Kate 10:19 on 2020-11-11 Permalink
That building wasn’t made of Lego, david. The land it was built on is old landfill – the original port of Montreal didn’t have dry land in that spot. I’m no structural engineer but even I could see from outside that the ground under the building was shifting: there were visible cracks in the walls by the end, segments of bricks parting away from other segments.
The structure looks like it was made of distinct cubic forms, and you could “rebuild” it on a computer screen that way, but in fact it was bricks. There would’ve been nothing to store but a pile of bricks.
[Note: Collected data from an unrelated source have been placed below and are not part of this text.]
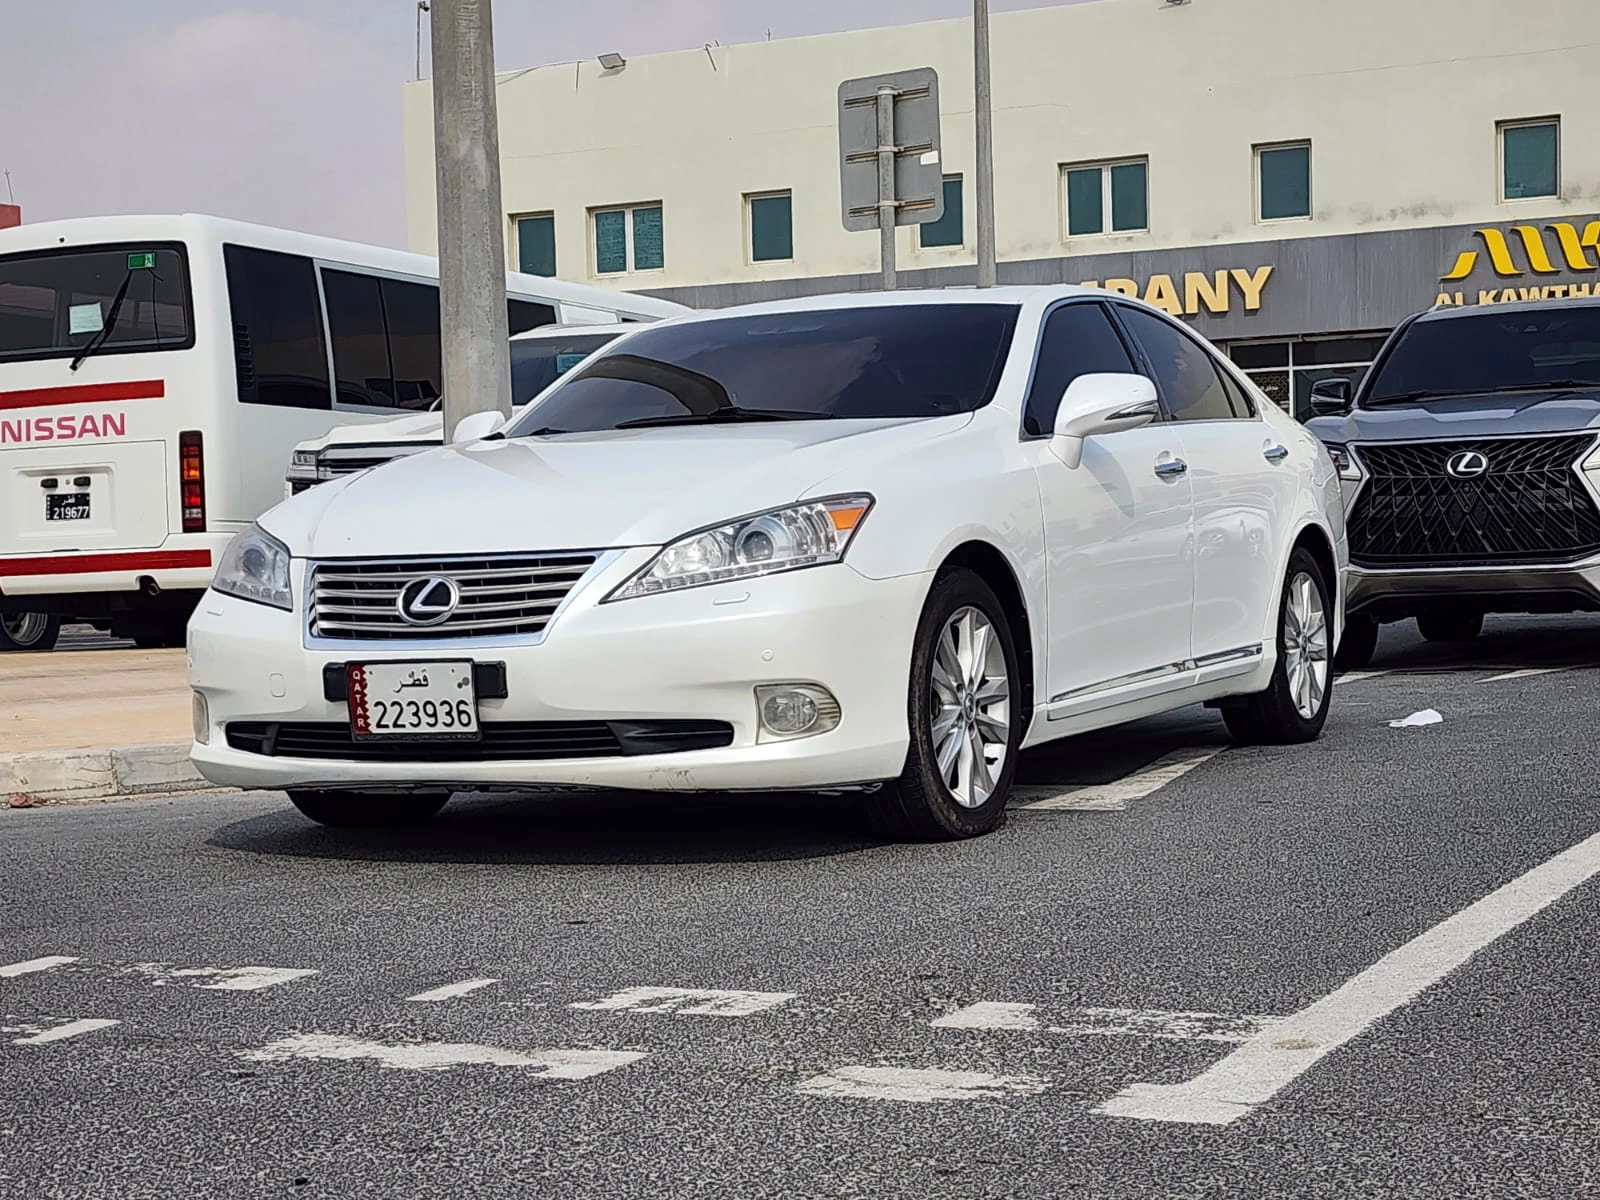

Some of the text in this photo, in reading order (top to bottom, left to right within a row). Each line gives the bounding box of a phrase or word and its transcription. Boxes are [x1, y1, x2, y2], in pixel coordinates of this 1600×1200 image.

[1, 412, 126, 443] NISSAN
[53, 506, 89, 519] 219677
[392, 668, 429, 694] قطر
[352, 669, 366, 728] QATAR
[373, 699, 472, 729] 223936
I liked that building, don’t get me wrong. But that isn’t a good place to put a building.
Max 11:55 on 2020-11-11 Permalink
The port police headquarters building had a smaller sibling on the other side of the tracks. Opposite the bottom of Berri, it made use of the same materials and architectural style. On an old map I have somewhere it was labeled ‘Port Infirmary’. You can see it (barely) on this aerial shot from 1963:
https://i.imgur.com/0Y9NFAm.jpg
Max 17:48 on 2020-11-11 Permalink
Here’s a better look at it, from the Notre-Dame-de-Bonsecours chapel, also in 1963:
https://i.imgur.com/uY2KyLA.jpg
Handsome little thing it was. Too bad there are so few pictures of it.
David474 02:38 on 2020-11-12 Permalink
That’s pretty neat. Do you know the function? The building I’m mourning would have been a fairly central port building back in the day (way before my time but I’ve heard stories), what did function did this small one serve, do you know?
David474 02:56 on 2020-11-12 Permalink
Tell me this isn’t just evil: https://goo.gl/maps/oBZ9tBFjVBLwkkLY9
Kate 10:46 on 2020-11-12 Permalink
David, Max says it was labelled “port infirmary” so it presumably functioned as a first aid station, maybe looked at immunizations and checked sailors over who’d come from other places suffering from illnesses. You can see how that might have been useful back when this was a working port.
Max 11:26 on 2020-11-12 Permalink
This map from 1940 labels it ‘NHB Traffic Office’, NHB being the National Harbours Board. So I guess the building’s vocation changed over time?
https://i.imgur.com/3rUnxJf.jpg
My collection of historic aerial photos tells me it disappeared sometime between 1963 and 1970.